(Records to process Opens)
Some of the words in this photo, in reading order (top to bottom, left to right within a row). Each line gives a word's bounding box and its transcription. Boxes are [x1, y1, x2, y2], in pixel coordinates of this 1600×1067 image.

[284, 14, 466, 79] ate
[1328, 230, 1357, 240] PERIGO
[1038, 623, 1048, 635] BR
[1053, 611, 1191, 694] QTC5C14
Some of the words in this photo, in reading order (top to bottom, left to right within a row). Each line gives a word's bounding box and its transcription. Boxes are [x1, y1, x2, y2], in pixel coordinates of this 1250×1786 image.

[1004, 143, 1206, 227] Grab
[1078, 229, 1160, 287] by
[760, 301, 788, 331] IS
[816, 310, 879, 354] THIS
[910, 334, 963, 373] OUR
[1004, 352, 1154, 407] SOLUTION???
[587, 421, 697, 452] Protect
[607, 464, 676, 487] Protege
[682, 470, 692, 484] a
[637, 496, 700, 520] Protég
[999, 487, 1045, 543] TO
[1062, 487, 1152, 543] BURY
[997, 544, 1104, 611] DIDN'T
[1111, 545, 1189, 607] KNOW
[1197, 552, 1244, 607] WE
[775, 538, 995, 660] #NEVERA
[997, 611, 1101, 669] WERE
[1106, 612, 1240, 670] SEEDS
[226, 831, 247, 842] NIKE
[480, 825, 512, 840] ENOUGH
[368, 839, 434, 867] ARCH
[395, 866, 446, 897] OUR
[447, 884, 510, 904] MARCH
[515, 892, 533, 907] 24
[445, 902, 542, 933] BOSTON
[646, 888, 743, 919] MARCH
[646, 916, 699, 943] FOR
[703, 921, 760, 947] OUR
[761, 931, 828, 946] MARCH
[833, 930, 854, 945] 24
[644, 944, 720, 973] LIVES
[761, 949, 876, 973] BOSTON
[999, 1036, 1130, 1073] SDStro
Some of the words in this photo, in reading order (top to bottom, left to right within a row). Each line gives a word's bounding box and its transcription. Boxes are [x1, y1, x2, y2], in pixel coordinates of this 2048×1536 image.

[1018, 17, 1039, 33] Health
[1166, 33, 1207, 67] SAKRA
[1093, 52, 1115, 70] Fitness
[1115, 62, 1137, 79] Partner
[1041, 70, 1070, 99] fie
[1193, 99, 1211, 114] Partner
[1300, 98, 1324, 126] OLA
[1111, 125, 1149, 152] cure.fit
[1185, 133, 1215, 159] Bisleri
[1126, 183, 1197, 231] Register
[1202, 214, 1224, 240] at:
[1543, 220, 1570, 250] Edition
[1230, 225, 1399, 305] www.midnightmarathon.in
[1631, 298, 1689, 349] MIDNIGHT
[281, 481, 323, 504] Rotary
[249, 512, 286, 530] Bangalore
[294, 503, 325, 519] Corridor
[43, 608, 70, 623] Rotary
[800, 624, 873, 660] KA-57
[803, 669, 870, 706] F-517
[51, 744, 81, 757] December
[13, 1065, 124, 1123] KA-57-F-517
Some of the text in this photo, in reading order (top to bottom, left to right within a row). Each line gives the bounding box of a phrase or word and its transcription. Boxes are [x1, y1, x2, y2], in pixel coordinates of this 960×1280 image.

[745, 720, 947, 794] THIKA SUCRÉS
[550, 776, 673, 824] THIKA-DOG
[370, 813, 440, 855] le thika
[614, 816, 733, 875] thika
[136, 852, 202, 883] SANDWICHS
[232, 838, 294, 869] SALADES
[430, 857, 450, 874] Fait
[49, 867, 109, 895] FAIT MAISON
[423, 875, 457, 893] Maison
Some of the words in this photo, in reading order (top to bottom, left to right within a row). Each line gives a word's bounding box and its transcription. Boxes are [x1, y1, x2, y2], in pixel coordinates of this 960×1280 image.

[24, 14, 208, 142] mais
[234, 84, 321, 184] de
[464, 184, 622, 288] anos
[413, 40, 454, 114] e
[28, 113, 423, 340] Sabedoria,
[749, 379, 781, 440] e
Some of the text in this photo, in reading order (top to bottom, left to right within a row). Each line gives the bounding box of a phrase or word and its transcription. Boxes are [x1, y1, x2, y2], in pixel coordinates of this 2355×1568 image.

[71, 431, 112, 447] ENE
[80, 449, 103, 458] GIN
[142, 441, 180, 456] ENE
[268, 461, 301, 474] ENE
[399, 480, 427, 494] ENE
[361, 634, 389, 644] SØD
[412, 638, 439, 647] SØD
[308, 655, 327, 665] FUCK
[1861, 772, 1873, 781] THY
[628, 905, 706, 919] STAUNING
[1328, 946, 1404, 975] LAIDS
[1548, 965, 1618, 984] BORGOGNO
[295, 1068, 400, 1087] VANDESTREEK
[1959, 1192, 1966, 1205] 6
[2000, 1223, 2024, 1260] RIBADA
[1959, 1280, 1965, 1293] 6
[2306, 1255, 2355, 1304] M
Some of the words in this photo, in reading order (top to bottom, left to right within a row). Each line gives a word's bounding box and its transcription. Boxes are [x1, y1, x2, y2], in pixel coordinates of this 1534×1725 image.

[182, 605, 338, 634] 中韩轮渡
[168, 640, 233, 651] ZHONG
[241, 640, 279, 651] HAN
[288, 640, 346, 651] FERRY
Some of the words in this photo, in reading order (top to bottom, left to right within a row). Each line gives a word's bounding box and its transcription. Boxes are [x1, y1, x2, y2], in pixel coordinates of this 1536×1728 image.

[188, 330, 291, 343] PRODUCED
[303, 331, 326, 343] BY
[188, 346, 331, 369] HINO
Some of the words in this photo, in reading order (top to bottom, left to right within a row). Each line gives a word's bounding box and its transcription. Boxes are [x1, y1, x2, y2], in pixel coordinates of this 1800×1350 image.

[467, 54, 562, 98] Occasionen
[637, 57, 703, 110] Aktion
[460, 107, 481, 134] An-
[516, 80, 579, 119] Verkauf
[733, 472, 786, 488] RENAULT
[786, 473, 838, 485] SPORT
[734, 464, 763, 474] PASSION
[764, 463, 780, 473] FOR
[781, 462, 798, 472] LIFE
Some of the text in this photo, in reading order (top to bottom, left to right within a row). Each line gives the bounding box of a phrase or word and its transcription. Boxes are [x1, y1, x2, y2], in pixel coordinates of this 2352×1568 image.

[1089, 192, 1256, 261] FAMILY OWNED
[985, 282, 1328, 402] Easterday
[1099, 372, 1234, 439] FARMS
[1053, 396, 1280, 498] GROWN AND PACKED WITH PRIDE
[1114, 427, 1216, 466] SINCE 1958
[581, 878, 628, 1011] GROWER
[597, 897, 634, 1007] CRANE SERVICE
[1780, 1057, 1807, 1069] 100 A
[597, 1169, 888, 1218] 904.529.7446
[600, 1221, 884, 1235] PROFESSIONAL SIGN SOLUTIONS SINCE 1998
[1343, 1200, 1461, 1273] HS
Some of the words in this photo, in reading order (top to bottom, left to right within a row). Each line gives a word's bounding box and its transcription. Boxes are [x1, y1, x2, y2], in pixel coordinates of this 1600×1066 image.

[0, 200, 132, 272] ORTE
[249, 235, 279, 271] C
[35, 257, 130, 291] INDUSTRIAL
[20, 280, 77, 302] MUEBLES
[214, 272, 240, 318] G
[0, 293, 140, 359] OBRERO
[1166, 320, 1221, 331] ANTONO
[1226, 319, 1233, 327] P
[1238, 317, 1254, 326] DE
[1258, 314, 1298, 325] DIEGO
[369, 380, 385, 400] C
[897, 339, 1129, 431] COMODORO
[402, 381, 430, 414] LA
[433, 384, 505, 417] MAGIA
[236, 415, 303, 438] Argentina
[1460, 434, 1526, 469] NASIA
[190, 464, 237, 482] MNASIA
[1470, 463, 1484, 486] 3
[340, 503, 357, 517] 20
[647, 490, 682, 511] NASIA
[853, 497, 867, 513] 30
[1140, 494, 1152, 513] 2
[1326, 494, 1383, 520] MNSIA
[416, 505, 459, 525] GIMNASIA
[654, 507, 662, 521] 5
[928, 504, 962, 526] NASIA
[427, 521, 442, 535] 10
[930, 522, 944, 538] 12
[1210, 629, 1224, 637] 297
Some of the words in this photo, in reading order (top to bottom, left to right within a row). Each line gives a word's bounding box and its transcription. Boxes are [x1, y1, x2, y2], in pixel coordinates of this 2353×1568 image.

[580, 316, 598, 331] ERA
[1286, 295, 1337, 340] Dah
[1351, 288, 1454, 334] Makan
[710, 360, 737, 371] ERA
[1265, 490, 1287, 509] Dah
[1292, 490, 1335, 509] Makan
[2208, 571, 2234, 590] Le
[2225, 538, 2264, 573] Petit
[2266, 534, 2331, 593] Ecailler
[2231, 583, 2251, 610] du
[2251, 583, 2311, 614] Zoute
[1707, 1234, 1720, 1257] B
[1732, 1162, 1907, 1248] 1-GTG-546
(Records to process Closes)
> Your goal
Print exactly the lines from the one with "this 2353×1568 image." through the last line of the material, including both, and no others.

> Solution
Some of the words in this photo, in reading order (top to bottom, left to right within a row). Each line gives a word's bounding box and its transcription. Boxes are [x1, y1, x2, y2], in pixel coordinates of this 2353×1568 image.

[580, 316, 598, 331] ERA
[1286, 295, 1337, 340] Dah
[1351, 288, 1454, 334] Makan
[710, 360, 737, 371] ERA
[1265, 490, 1287, 509] Dah
[1292, 490, 1335, 509] Makan
[2208, 571, 2234, 590] Le
[2225, 538, 2264, 573] Petit
[2266, 534, 2331, 593] Ecailler
[2231, 583, 2251, 610] du
[2251, 583, 2311, 614] Zoute
[1707, 1234, 1720, 1257] B
[1732, 1162, 1907, 1248] 1-GTG-546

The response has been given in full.